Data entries

★ ★ ★ ★

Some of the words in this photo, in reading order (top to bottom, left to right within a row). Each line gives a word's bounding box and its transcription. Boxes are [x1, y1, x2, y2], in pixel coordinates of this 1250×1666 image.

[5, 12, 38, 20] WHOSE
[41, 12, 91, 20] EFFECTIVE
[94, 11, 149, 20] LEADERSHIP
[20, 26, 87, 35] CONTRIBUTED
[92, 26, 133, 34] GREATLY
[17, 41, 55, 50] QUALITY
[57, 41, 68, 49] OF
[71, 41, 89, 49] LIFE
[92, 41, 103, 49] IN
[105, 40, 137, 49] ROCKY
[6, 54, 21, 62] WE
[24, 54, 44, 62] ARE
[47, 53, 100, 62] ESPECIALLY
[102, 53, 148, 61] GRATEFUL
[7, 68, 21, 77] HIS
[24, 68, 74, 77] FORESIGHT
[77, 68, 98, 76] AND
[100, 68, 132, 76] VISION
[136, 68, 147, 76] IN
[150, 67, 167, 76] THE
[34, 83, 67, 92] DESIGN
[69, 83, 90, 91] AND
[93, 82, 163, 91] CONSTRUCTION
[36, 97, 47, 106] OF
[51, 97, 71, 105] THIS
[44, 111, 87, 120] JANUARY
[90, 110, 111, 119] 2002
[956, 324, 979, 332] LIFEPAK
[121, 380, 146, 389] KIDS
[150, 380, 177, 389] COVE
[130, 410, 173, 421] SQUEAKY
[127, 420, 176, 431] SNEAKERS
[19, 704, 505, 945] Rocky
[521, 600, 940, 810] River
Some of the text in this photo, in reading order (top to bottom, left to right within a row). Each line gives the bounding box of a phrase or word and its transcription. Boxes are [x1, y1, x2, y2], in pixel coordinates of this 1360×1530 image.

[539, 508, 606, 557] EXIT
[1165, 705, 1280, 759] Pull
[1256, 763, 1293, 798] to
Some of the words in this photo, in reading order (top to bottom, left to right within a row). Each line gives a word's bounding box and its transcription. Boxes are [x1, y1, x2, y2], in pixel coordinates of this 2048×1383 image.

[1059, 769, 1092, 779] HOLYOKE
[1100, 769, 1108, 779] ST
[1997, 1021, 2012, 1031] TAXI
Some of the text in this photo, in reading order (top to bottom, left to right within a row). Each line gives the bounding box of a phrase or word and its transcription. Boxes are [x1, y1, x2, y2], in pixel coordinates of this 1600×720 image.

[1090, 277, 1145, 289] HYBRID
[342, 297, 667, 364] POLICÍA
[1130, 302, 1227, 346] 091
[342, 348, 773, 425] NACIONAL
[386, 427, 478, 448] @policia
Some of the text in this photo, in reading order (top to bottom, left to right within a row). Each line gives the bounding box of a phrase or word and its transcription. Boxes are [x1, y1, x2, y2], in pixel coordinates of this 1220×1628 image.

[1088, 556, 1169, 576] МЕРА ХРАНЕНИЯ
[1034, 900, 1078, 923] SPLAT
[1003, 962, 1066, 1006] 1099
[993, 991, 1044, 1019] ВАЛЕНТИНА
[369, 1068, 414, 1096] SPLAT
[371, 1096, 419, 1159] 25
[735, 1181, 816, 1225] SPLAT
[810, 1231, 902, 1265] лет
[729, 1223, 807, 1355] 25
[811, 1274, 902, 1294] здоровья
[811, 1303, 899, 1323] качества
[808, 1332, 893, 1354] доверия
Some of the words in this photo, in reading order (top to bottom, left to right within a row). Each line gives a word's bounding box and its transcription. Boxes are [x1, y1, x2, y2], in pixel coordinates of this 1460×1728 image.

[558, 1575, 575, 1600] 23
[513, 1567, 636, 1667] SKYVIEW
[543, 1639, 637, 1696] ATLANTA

★ ★ ★ ★

HOW TO COMPLETE THIS TASK —
Each line above must be printed exactly as it appears.

SOLUTION FOR THIS TASK —
Some of the words in this photo, in reading order (top to bottom, left to right within a row). Each line gives a word's bounding box and its transcription. Boxes are [x1, y1, x2, y2], in pixel coordinates of this 1250×1666 image.

[5, 12, 38, 20] WHOSE
[41, 12, 91, 20] EFFECTIVE
[94, 11, 149, 20] LEADERSHIP
[20, 26, 87, 35] CONTRIBUTED
[92, 26, 133, 34] GREATLY
[17, 41, 55, 50] QUALITY
[57, 41, 68, 49] OF
[71, 41, 89, 49] LIFE
[92, 41, 103, 49] IN
[105, 40, 137, 49] ROCKY
[6, 54, 21, 62] WE
[24, 54, 44, 62] ARE
[47, 53, 100, 62] ESPECIALLY
[102, 53, 148, 61] GRATEFUL
[7, 68, 21, 77] HIS
[24, 68, 74, 77] FORESIGHT
[77, 68, 98, 76] AND
[100, 68, 132, 76] VISION
[136, 68, 147, 76] IN
[150, 67, 167, 76] THE
[34, 83, 67, 92] DESIGN
[69, 83, 90, 91] AND
[93, 82, 163, 91] CONSTRUCTION
[36, 97, 47, 106] OF
[51, 97, 71, 105] THIS
[44, 111, 87, 120] JANUARY
[90, 110, 111, 119] 2002
[956, 324, 979, 332] LIFEPAK
[121, 380, 146, 389] KIDS
[150, 380, 177, 389] COVE
[130, 410, 173, 421] SQUEAKY
[127, 420, 176, 431] SNEAKERS
[19, 704, 505, 945] Rocky
[521, 600, 940, 810] River
Some of the text in this photo, in reading order (top to bottom, left to right within a row). Each line gives the bounding box of a phrase or word and its transcription. Boxes are [x1, y1, x2, y2], in pixel coordinates of this 1360×1530 image.

[539, 508, 606, 557] EXIT
[1165, 705, 1280, 759] Pull
[1256, 763, 1293, 798] to
Some of the words in this photo, in reading order (top to bottom, left to right within a row). Each line gives a word's bounding box and its transcription. Boxes are [x1, y1, x2, y2], in pixel coordinates of this 2048×1383 image.

[1059, 769, 1092, 779] HOLYOKE
[1100, 769, 1108, 779] ST
[1997, 1021, 2012, 1031] TAXI
Some of the text in this photo, in reading order (top to bottom, left to right within a row). Each line gives the bounding box of a phrase or word and its transcription. Boxes are [x1, y1, x2, y2], in pixel coordinates of this 1600×720 image.

[1090, 277, 1145, 289] HYBRID
[342, 297, 667, 364] POLICÍA
[1130, 302, 1227, 346] 091
[342, 348, 773, 425] NACIONAL
[386, 427, 478, 448] @policia
Some of the text in this photo, in reading order (top to bottom, left to right within a row). Each line gives the bounding box of a phrase or word and its transcription. Boxes are [x1, y1, x2, y2], in pixel coordinates of this 1220×1628 image.

[1088, 556, 1169, 576] МЕРА ХРАНЕНИЯ
[1034, 900, 1078, 923] SPLAT
[1003, 962, 1066, 1006] 1099
[993, 991, 1044, 1019] ВАЛЕНТИНА
[369, 1068, 414, 1096] SPLAT
[371, 1096, 419, 1159] 25
[735, 1181, 816, 1225] SPLAT
[810, 1231, 902, 1265] лет
[729, 1223, 807, 1355] 25
[811, 1274, 902, 1294] здоровья
[811, 1303, 899, 1323] качества
[808, 1332, 893, 1354] доверия
Some of the words in this photo, in reading order (top to bottom, left to right within a row). Each line gives a word's bounding box and its transcription. Boxes are [x1, y1, x2, y2], in pixel coordinates of this 1460×1728 image.

[558, 1575, 575, 1600] 23
[513, 1567, 636, 1667] SKYVIEW
[543, 1639, 637, 1696] ATLANTA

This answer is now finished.